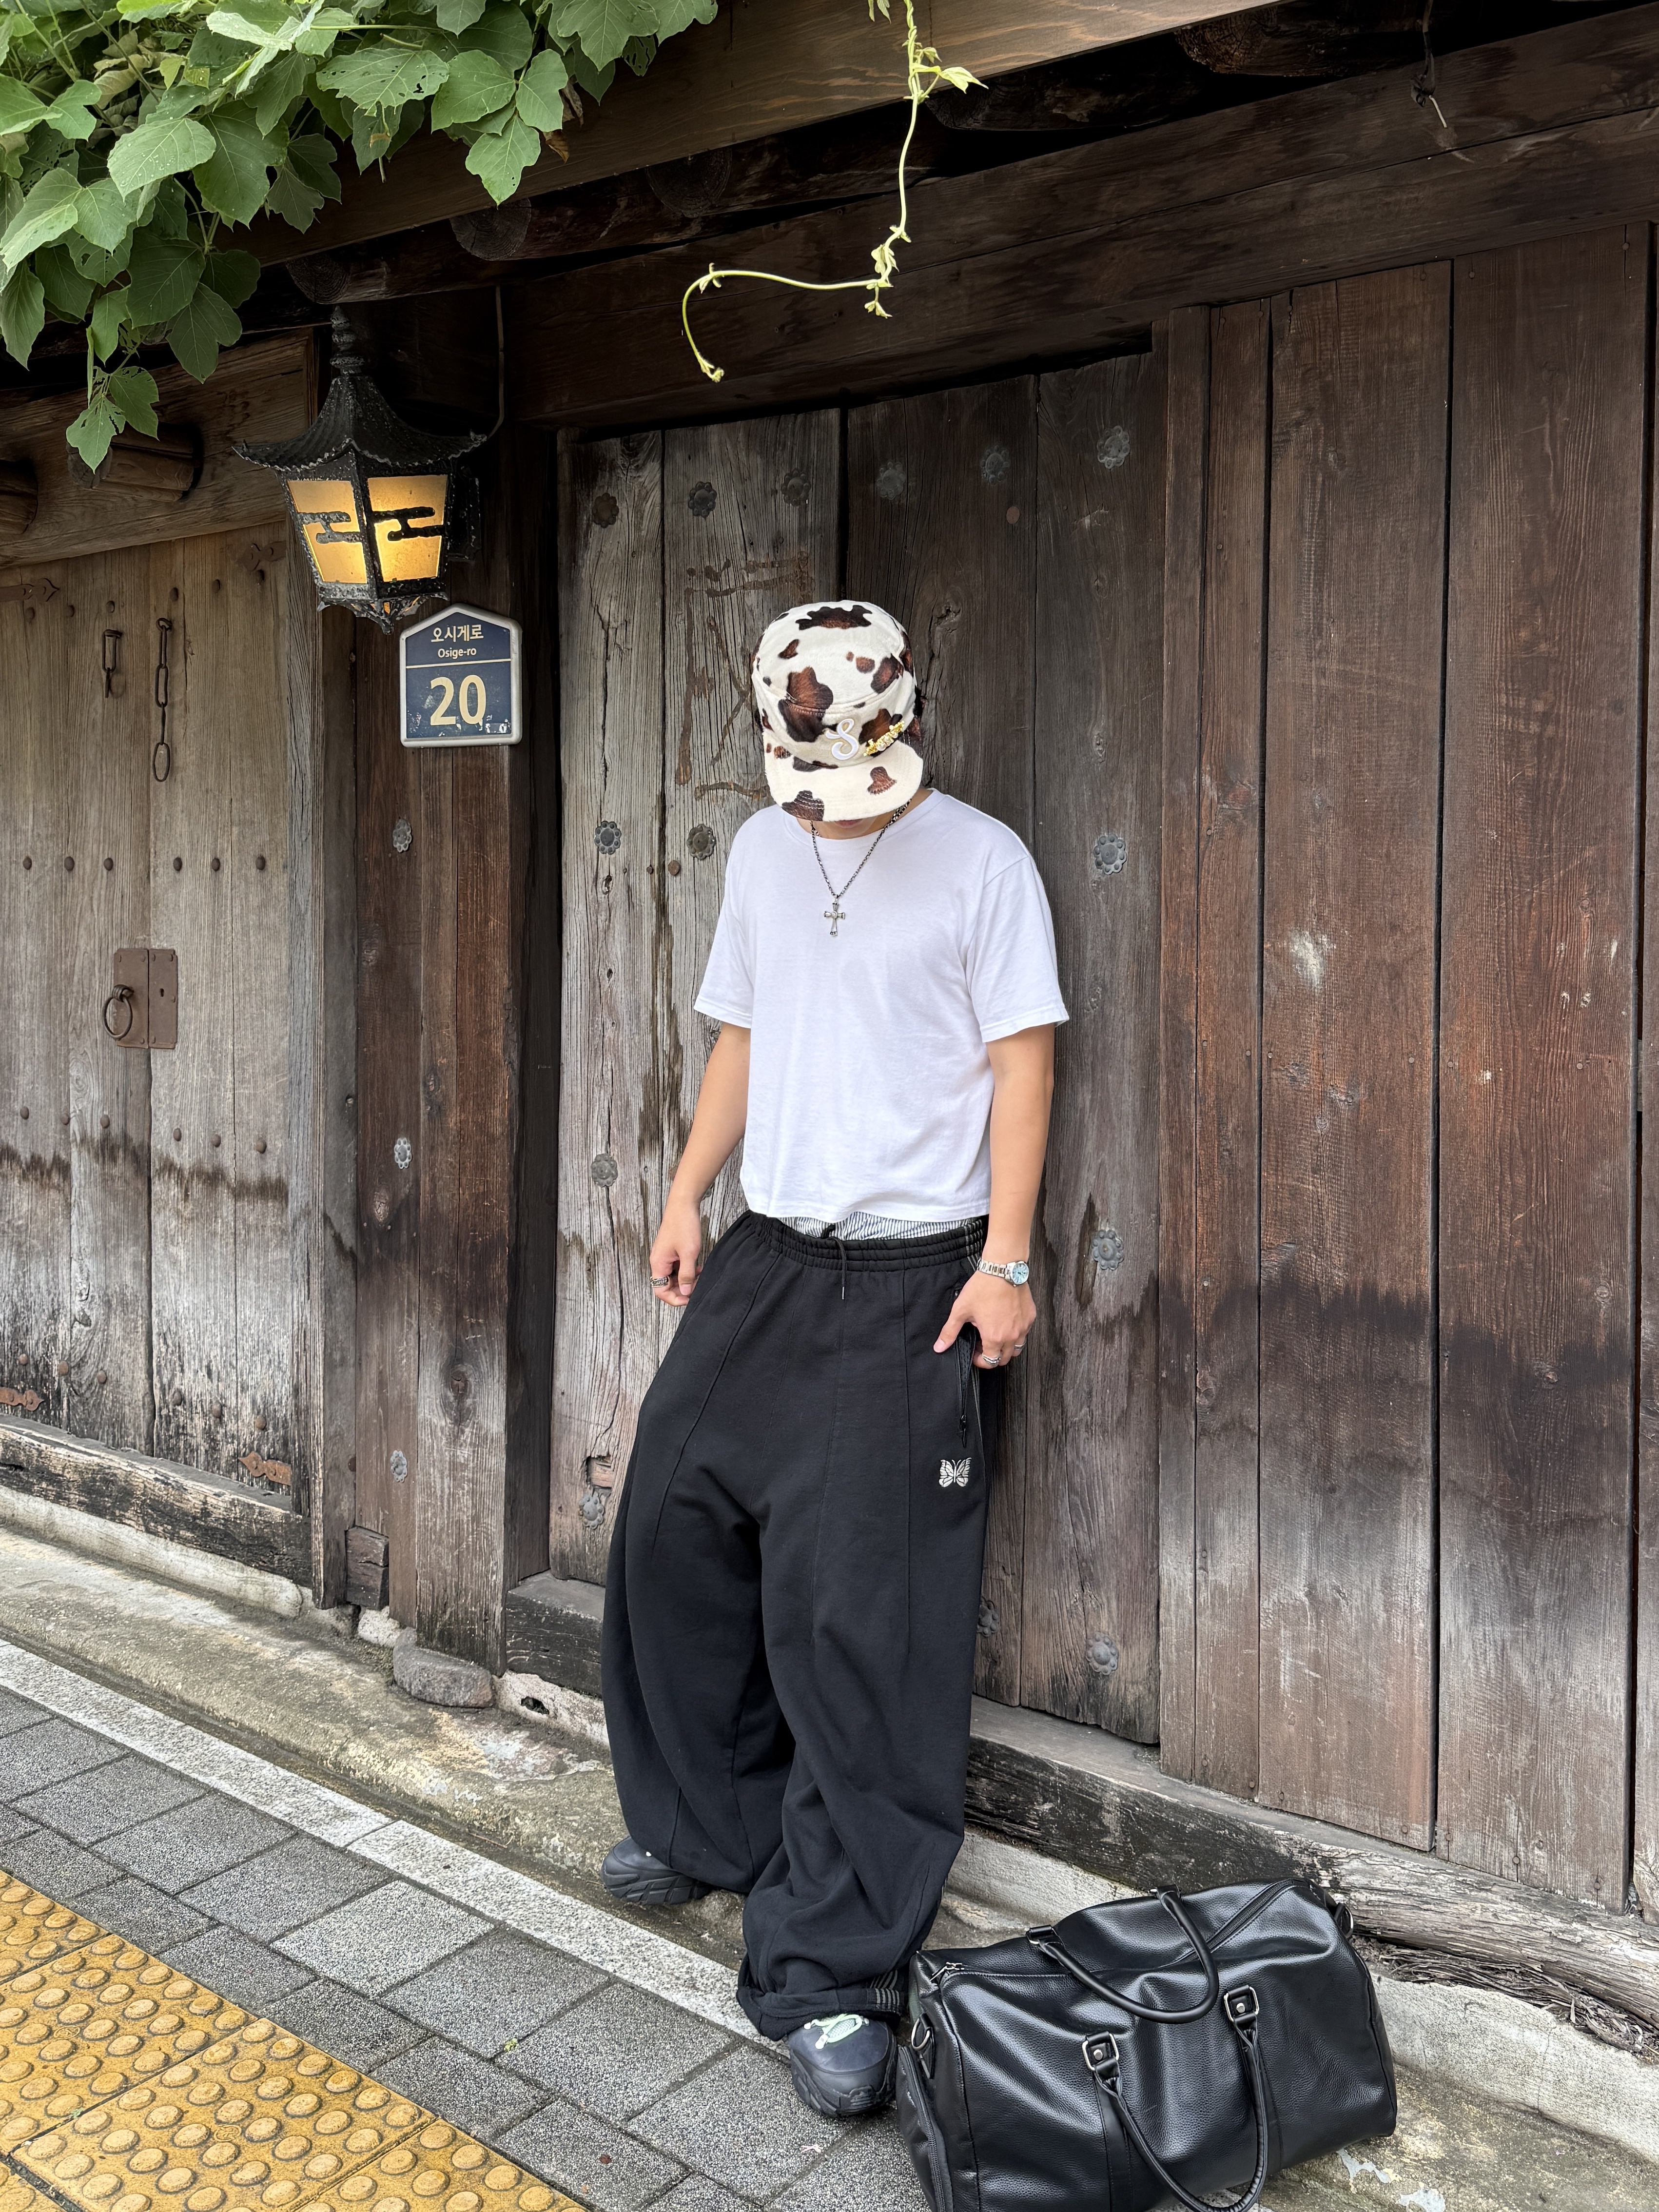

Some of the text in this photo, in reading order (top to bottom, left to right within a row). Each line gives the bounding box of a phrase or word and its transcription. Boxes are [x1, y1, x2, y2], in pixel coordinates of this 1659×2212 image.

[431, 624, 484, 643] 오시게로
[438, 647, 477, 660] Osige-ro
[430, 674, 487, 725] 20
[825, 718, 859, 761] S
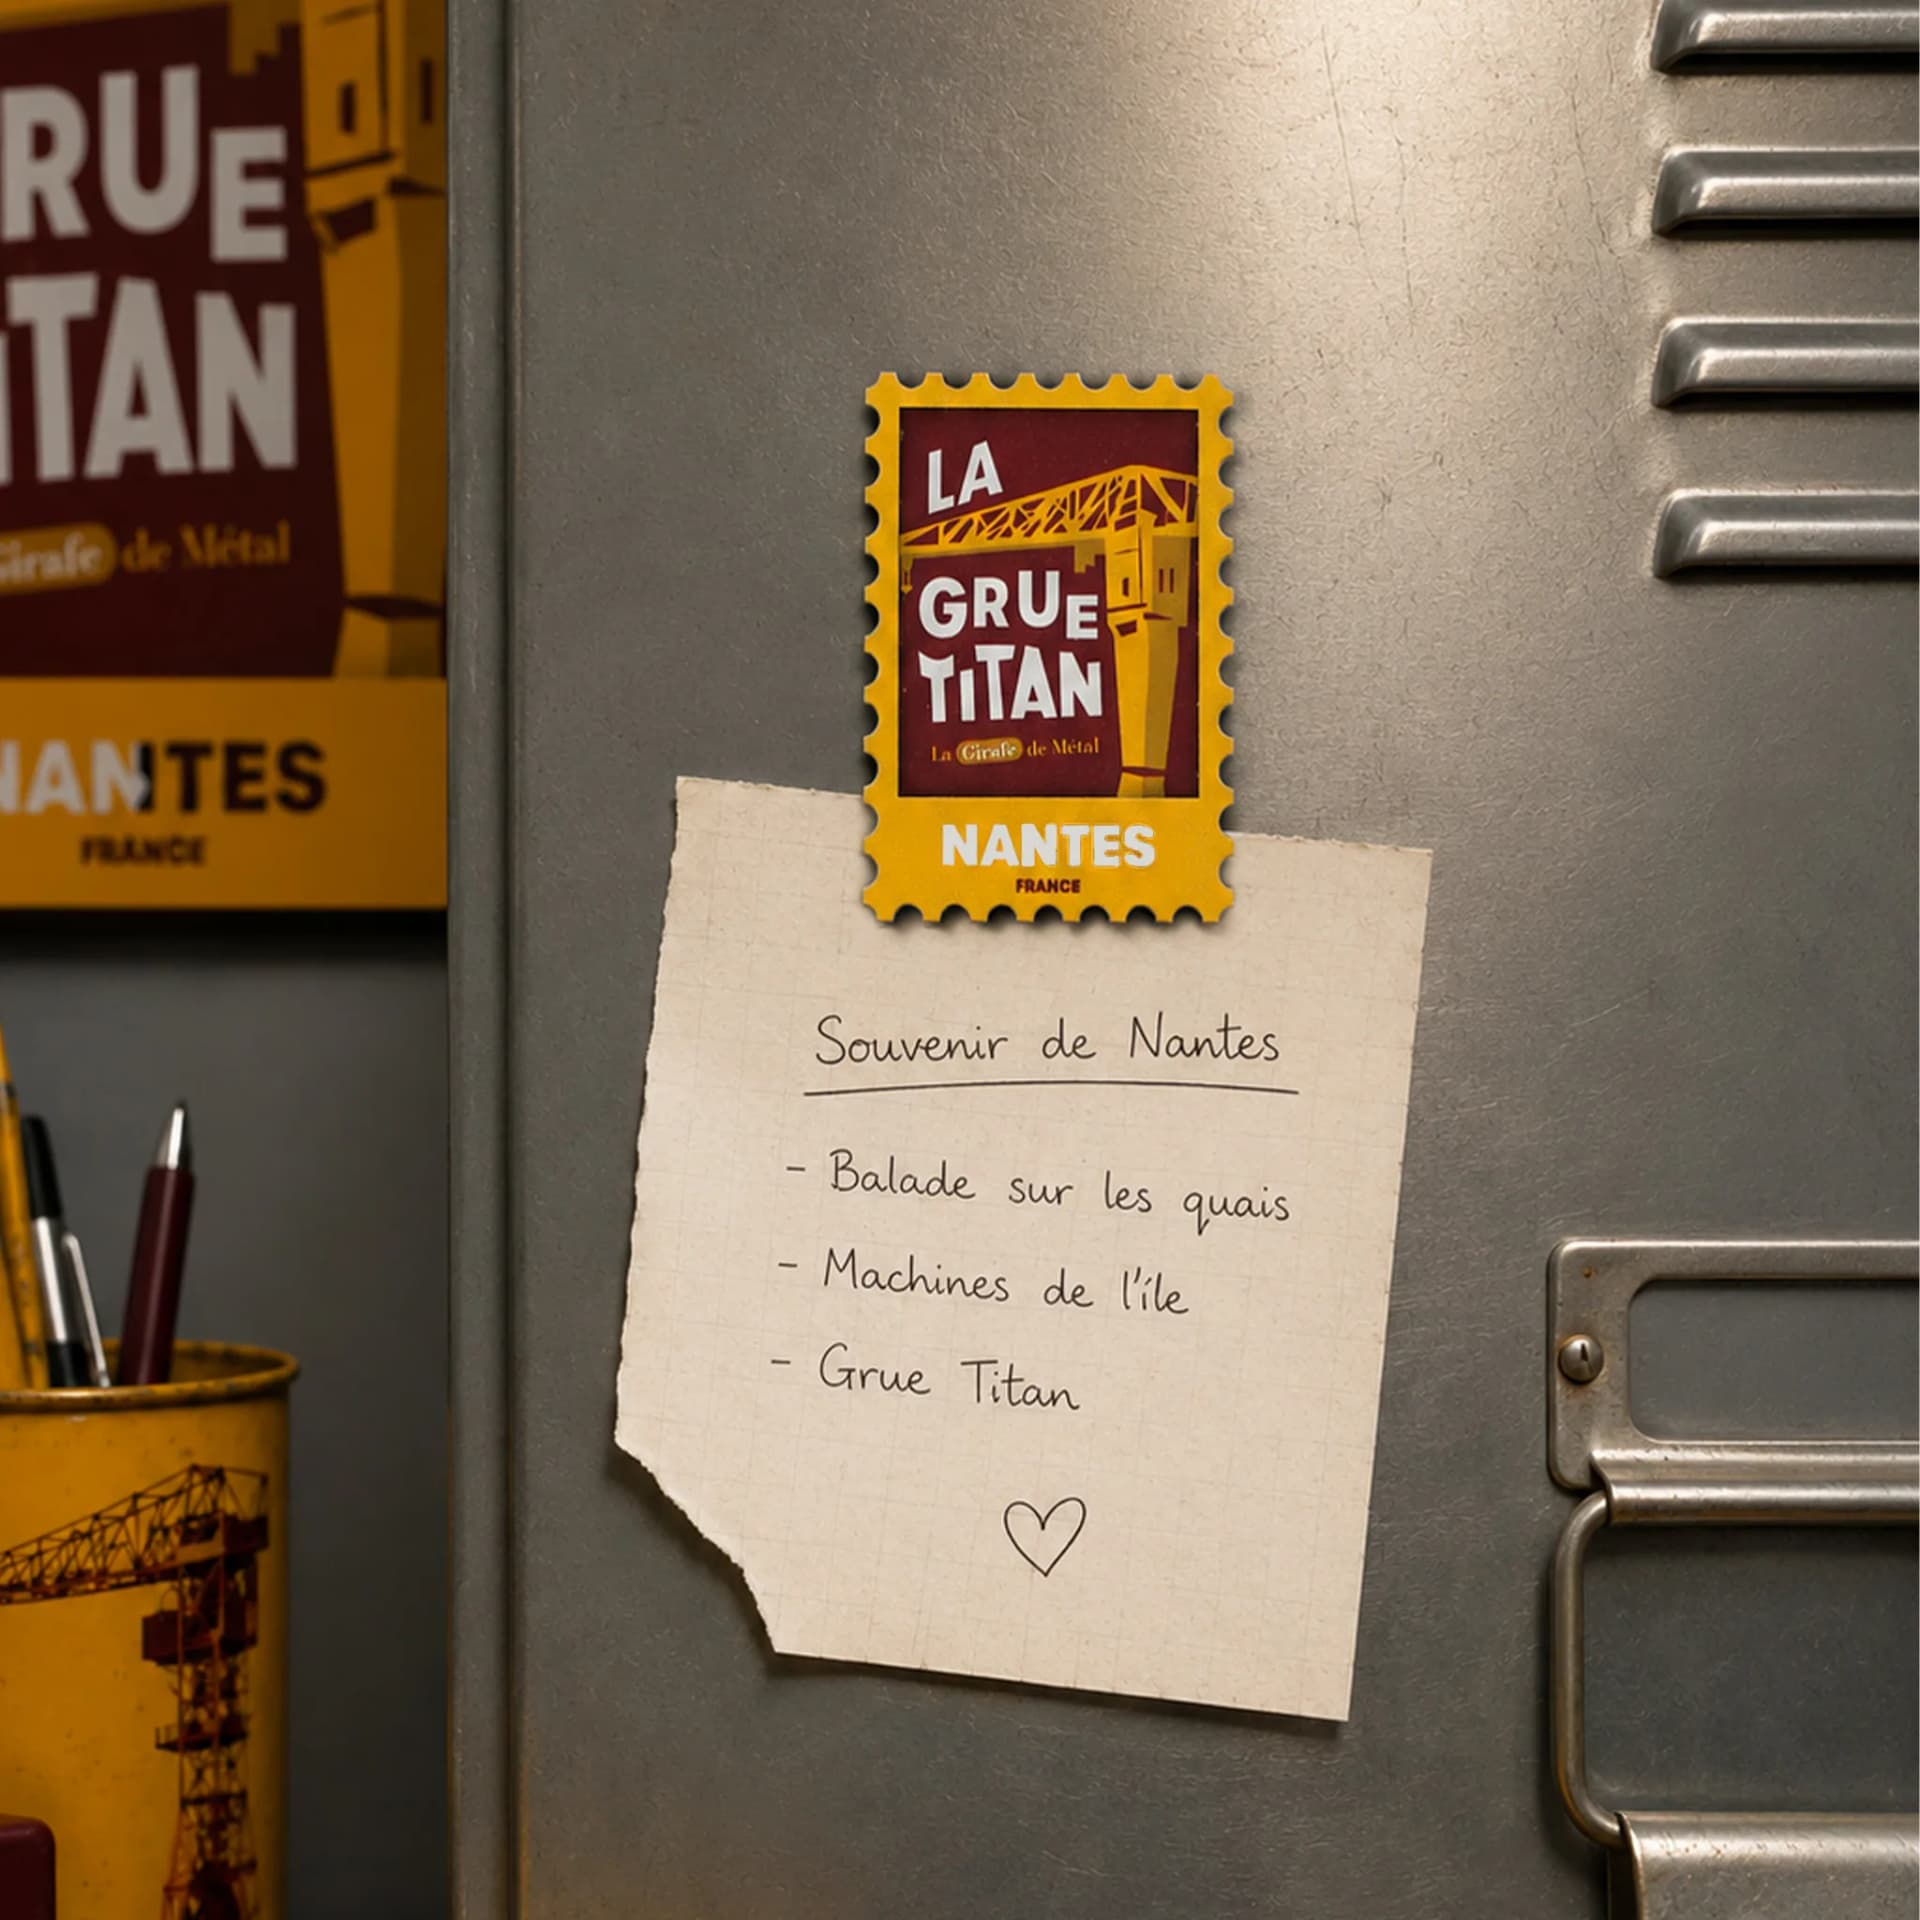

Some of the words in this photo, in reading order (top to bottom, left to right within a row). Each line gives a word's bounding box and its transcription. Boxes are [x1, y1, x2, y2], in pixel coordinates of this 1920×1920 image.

[928, 440, 1003, 515] LA
[0, 531, 102, 584] irafe
[122, 527, 171, 573] de
[180, 520, 291, 569] Métal
[918, 570, 1099, 640] GRUE
[918, 644, 1103, 723] TITAN
[931, 745, 952, 762] La
[961, 741, 1017, 761] Girafe
[1027, 740, 1047, 757] de
[1052, 735, 1099, 756] Métal
[80, 834, 207, 867] FRANCE
[942, 823, 1156, 868] NANTES
[1015, 878, 1081, 894] FRANCE
[815, 1014, 1009, 1065] Souvenir
[1041, 1017, 1097, 1060] de
[1129, 1010, 1280, 1062] Nantes
[829, 1148, 977, 1200] Balade
[1008, 1176, 1074, 1205] sur
[1104, 1170, 1152, 1213] les
[1183, 1186, 1290, 1236] quais
[823, 1247, 1009, 1303] Machines
[1043, 1267, 1094, 1308] de
[819, 1342, 931, 1395] Grue
[960, 1359, 1080, 1411] Titan

____________________

BRIEF | Print out the complete listing above exactly, dropping each image.

OUTPUT FOR THIS TASK |
Some of the text in this photo, in reading order (top to bottom, left to right within a row). Each line gives the bounding box of a phrase or word and its transcription. Boxes are [x1, y1, x2, y2], in pixel coordinates of this 1659×2212 image.

[431, 624, 484, 643] 오시게로
[438, 647, 477, 660] Osige-ro
[430, 674, 487, 725] 20
[825, 718, 859, 761] S

Some of the words in this photo, in reading order (top to bottom, left to right within a row). Each line gives a word's bounding box and its transcription. Boxes are [x1, y1, x2, y2], in pixel coordinates of this 1920×1920 image.

[928, 440, 1003, 515] LA
[0, 531, 102, 584] irafe
[122, 527, 171, 573] de
[180, 520, 291, 569] Métal
[918, 570, 1099, 640] GRUE
[918, 644, 1103, 723] TITAN
[931, 745, 952, 762] La
[961, 741, 1017, 761] Girafe
[1027, 740, 1047, 757] de
[1052, 735, 1099, 756] Métal
[80, 834, 207, 867] FRANCE
[942, 823, 1156, 868] NANTES
[1015, 878, 1081, 894] FRANCE
[815, 1014, 1009, 1065] Souvenir
[1041, 1017, 1097, 1060] de
[1129, 1010, 1280, 1062] Nantes
[829, 1148, 977, 1200] Balade
[1008, 1176, 1074, 1205] sur
[1104, 1170, 1152, 1213] les
[1183, 1186, 1290, 1236] quais
[823, 1247, 1009, 1303] Machines
[1043, 1267, 1094, 1308] de
[819, 1342, 931, 1395] Grue
[960, 1359, 1080, 1411] Titan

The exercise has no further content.